Probing the role of glycolipids in health and disease warrants development of practical strategies to determine these molecules at the intact structural level, namely to simultaneously characterize and quantify the glycan and lipid moieties without breaking the linkage between them. Herein we present such an approach utilizing differential isotope labeling and reversed phase liquid chromatography-tandem mass spectrometry (RPLC-MS/MS) for structural characterization and relative quantification of intact neutral glycolipids. In this approach, each individual sample and a pooled aliquot of each sample were permethylated using 12CH3I and 13CH3I, respectively, with the latter one serving as internal reference standard. The individual 12C-permethylated samples were spiked with equal amounts of the 13C-permethylated pooled sample and analyzed by RPLC-MS/MS. Permethylation not only increased the ionization efficiency of glycolipids but also facilitated structural characterization of both moieties.

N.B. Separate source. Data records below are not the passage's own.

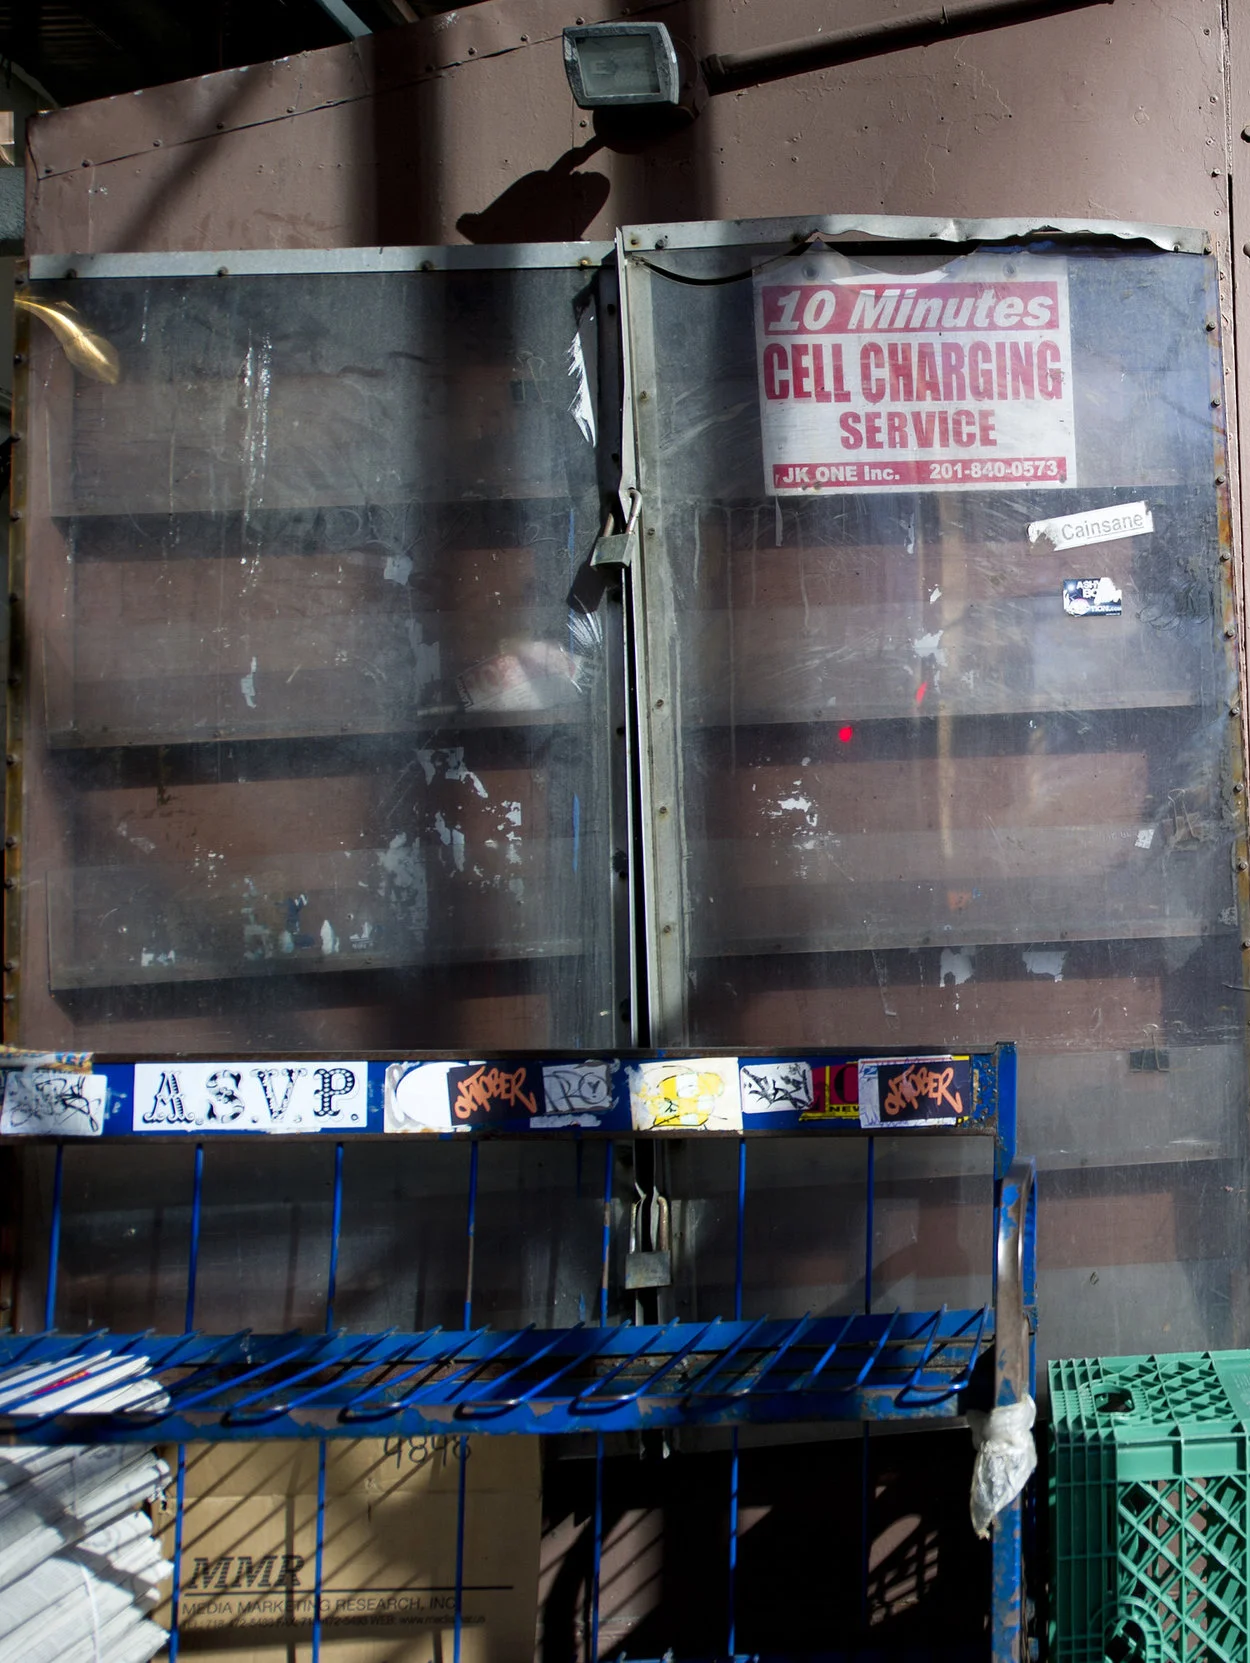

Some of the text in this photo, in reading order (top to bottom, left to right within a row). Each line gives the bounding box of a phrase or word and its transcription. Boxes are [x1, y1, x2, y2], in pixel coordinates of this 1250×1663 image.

[769, 289, 1054, 332] 10 Minutes
[764, 340, 1063, 404] CELL CHARGING
[839, 409, 997, 450] SERVICE
[783, 460, 1058, 484] JK ONE Inc. 201-840-0573
[1061, 513, 1143, 540] Cainsane
[187, 1555, 305, 1589] MMR
[181, 1602, 233, 1616] MEDIA
[335, 1597, 424, 1612] RESEARCH,

The ratio of the peak areas between the 12C- and 13C-labeled glycolipids served as surrogate measure of their relative concentrations. The coefficient of variation of the method was <6% measured across four representative glycolipids in five different ratios and triplicate experiments, after correction of natural isotopic distribution. When analyzing the low abundant glycolipids in total lipid extract, permethylation can dramatically reduce the analytical background by depleting most of the highly abundant ester-linked lipids. Application to conduritol B epoxide-, a β-glucocerebrosidase inhibitor, treated RAW 264.7 cells demonstrated the practical utility of this method in profiling the temporal accumulation of different glycolipids. Overall, this methodology offers a practical LC-MS based identification and quantification strategy to advance intact glycolipids analysis in mammalian cells.